Whether you are a serious athlete or a recreational exerciser, experiencing shin splints, also known as medial tibial stress syndrome, is something that is in no way enjoyable and will want to be avoided. Not only can this condition be so painful that it takes you right away from the activity you enjoy, but it can also take a fair amount of time to recover from if serious enough, therefore taking care of it before it gets to this degree is very important.

While some people may only deal with shin splits on a single occasion during their life, for others it is a persistent problem that demands their attention on a regular basis. For these individuals it is particularly important that they pay attention to ways they may be able to build their muscles up so as to strengthen the whole area, thus reducing the chances that they keep experiencing issues.

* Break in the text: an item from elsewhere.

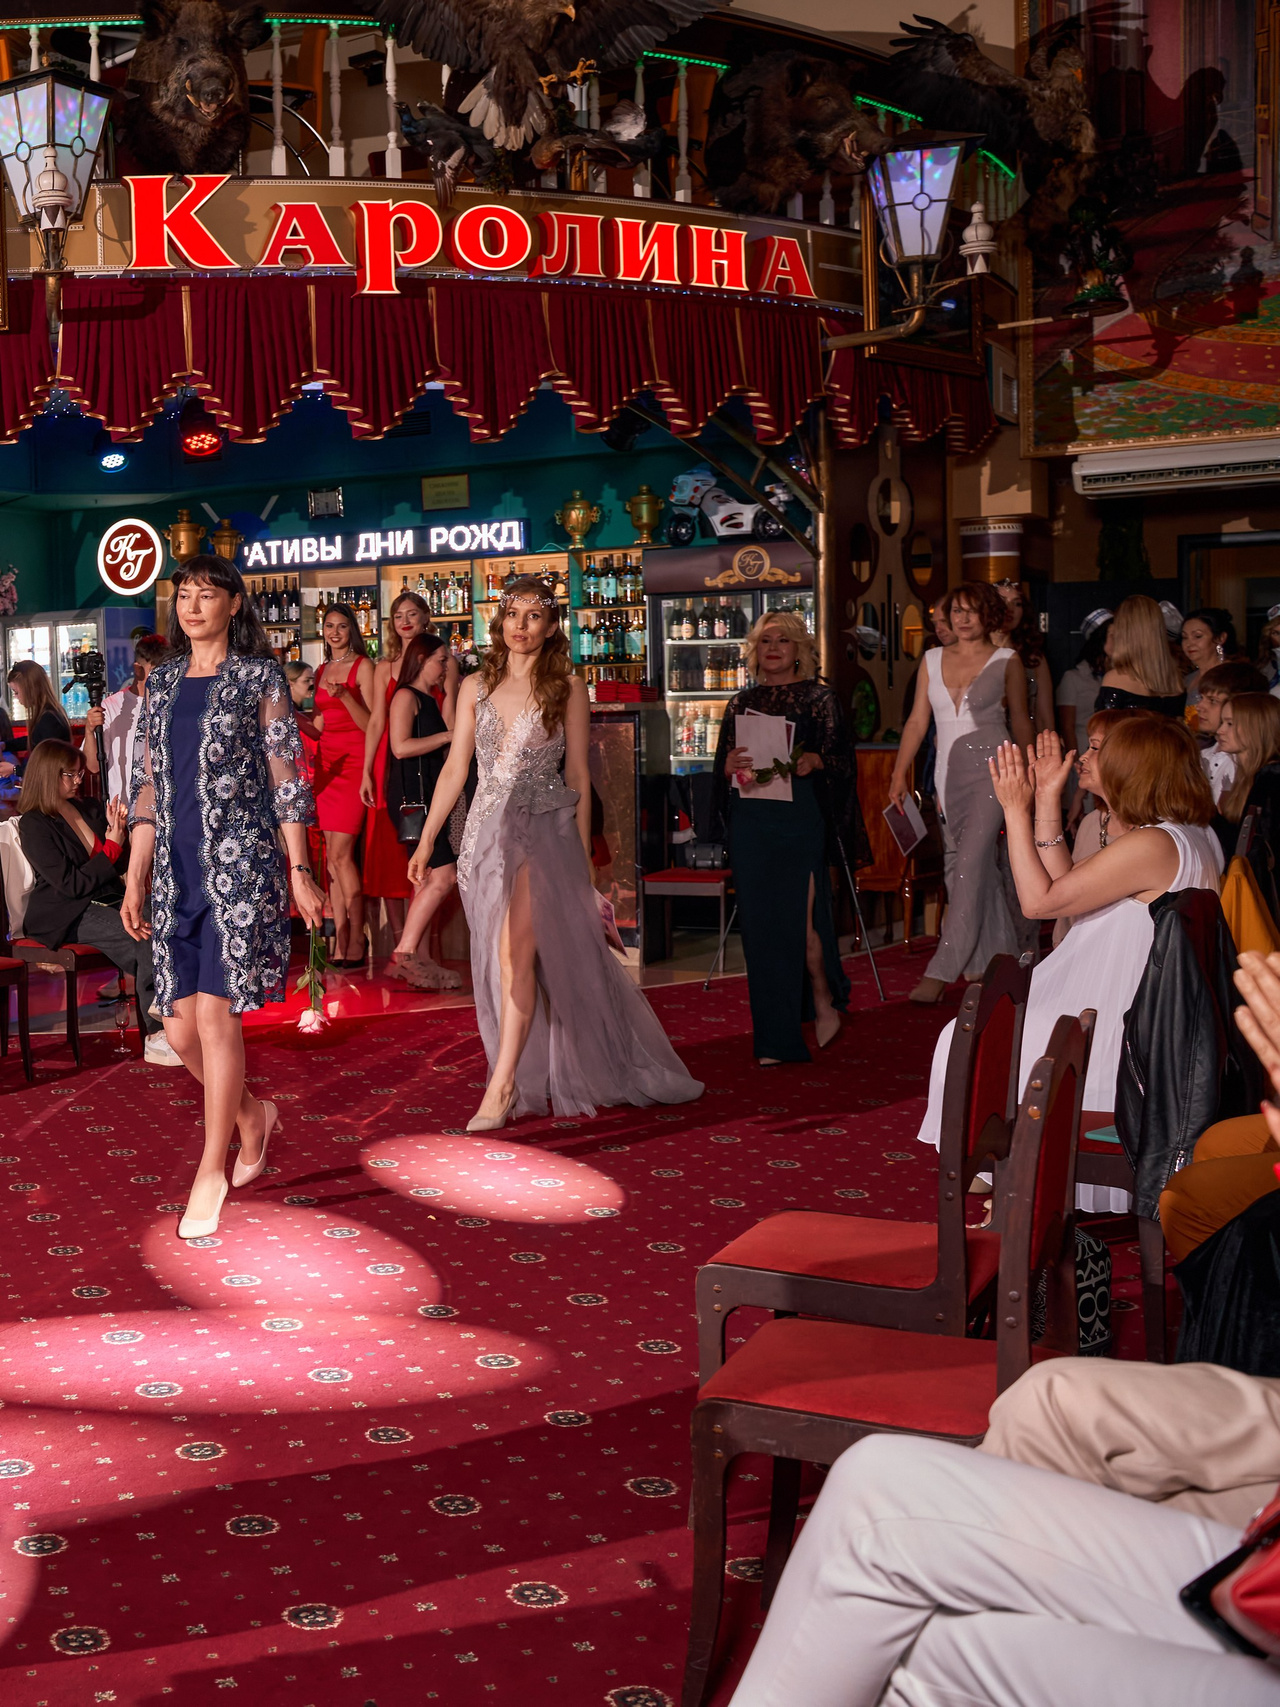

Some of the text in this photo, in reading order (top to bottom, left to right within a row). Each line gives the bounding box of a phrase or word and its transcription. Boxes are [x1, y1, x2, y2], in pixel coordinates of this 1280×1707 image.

[243, 520, 522, 567] АТИВЫ ДНИ РОЖД

Usually the most at risk individuals for experiencing this problem are those who already have weakened bones, such as dieting females (low calorie diets in combination with anemorrhea cause a decrease in bone density), those who are involved in high impact, repetitive sports such as running or soccer and those individuals who are heavier athletes and hence have more weight coming down on these bones each time they land on their feet. When performing weight baring exercises, there is often a force of about 2 to 3 times your total body weight that comes down on that bone, contributing to a total of 700 X your body weight in pounds of pressure loaded for every mile you go. Considering it is not uncommon for runners to log 20-30 miles per week, for someone weighing 150 pounds that would mean approximately 6-9 million pounds of force per week. It is no wonder this thin bone can start to get achy.

It is interesting to note as well that the fashion in which you run in can play a very significant role in whether or not you develop shin splints. When you are running, the primary role of the ankle dorsiflexors is going to be to help control how far your foot moves away from the shin. If you have weak ankle dorsiflexor muscles, they are not going to be able to prevent the foot from ’splapping down’ on the pavement. This is what is going to cause considerable amounts of pain, when compared to someone who hits the pavement with their heel first and then slowly (in comparison with the ‘foot slapper’ - in all reality this is going to be a very rapid action in whomever you look at) is able to lower the foot to the ground. If you notice when you are running that you are very loud, you are likely suffering from weak dorsiflexors and should pay particular attention to the muscle strengthening exercises section in this book.

Additionally, not only are these muscles going to control the up and down movement of the foot, they will also play a role in the side to side movements that you experience as well as helping so that you don’t experience as much pronation or supination of the foot (you will land on the foot more balanced, with force coming directly on the centre rather than off to the side).

The term shin splits itself basically refers to a pain that occurs along the shinbone, which is the front of the bottom portion of the leg, from the kneecap down. The pain that occurs is usually quite sharp in nature and is felt whenever there is a stress that is placed upon the bone. Depending on the severity of the condition, it may be felt only in high impact activities, however for those who are in a more advanced stage it can be felt simply through walking. Aside from the sharp pain, you may also experience a dull pain sensation, even after the activity has ended.

This pain is a result of an overloading stress to the shin bone and the connective tissues that associate it to the muscle, so when both of these are weak, you are definitely going to be at a higher risk for seeing problems. This is also a reason why preventative treatment is particularly important with regards to the stoppage of future problems. If you are someone who experiences this issue quite often, you definitely need to look at what you are doing in terms of strengthening because whatever you are currently doing isn’t working.

It may be helpful to also seek out the advice of a physiotherapist or doctor as some people will have severe cases where treatments will be necessary and simple strengthening exercises will not fully prevent the condition from occurring.

Regardless of your situation though, looking after this condition is in your best interest if you hope to remain active throughout your entire life, as it can be quite a debilitating problem if left to persist long enough.